As for the visit: “The Farewell” tells the story of Billi’s ailing grandmother who was recently diagnosed with terminal lung cancer; however, Nai Nai’s sister (played by) has not told her because it is Chinese tradition — although not practised by all — to not reveal cancer diagnosis to family members because according to Confucianism, family members deem it as their responsibility to make medical decisions when a patient is diagnosed with a form of cancer, and so depending on the situation they will decide whether to instruct the doctor to withhold the information entirely or dilute the severity in their description. Her uncle Haibin reinforces this in the aforementioned scene, “It’s our duty to carry this emotional burden for her,” he says. Unlike in the West where direct truth is the norm.
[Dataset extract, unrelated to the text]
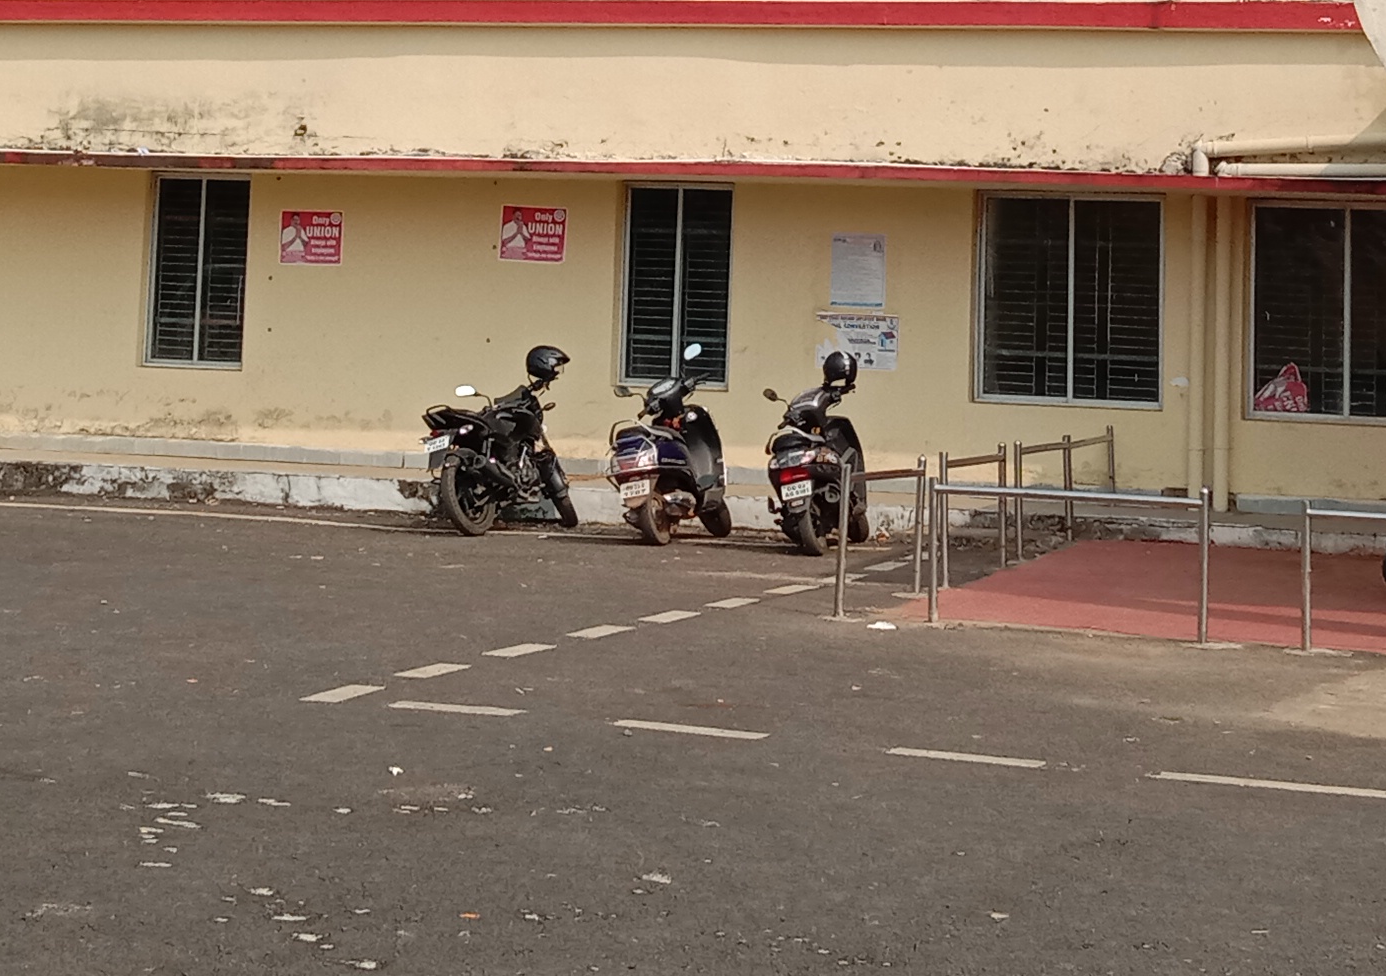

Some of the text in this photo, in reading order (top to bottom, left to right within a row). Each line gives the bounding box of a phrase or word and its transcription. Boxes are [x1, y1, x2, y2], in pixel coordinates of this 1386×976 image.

However, we are told at the beginning that the film is based on a “big lie”; it’s the easing into a cultural norm where innocent deployment of controlled emotions in the form of small lies, or ‘white lies’, that has sustained relationships within families for centuries that is compelling.

An evocative display of the human condition focusing on grief and confronting the inevitable. Paced sublimely, Wang’s profound screenplay is filled with moments of comedy contrasted by ones of exploration and realisation; unravelling against Alex Weston’s captivating score. Succinctly demonstrating the cultural differences between the East and West in regard to family, a demonstration that’s (personally, so emotionally compelling that I cried) whilst ensuring both sides are assessed; the result: A collection of perspectives, ultimately settling with the established one that has sustained their way of life, reinforcing the necessity of cultural maintenance. The virtuosity of “The Farewell”, for me, is the balance it strikes between a personal story yet simultaneously being expansive enough to be relative to almost everyone; partly, thanks to Awkwafina’s aching portrayal of an eastern expat raised in the West grappling with the intersection of her culture and her upbringing.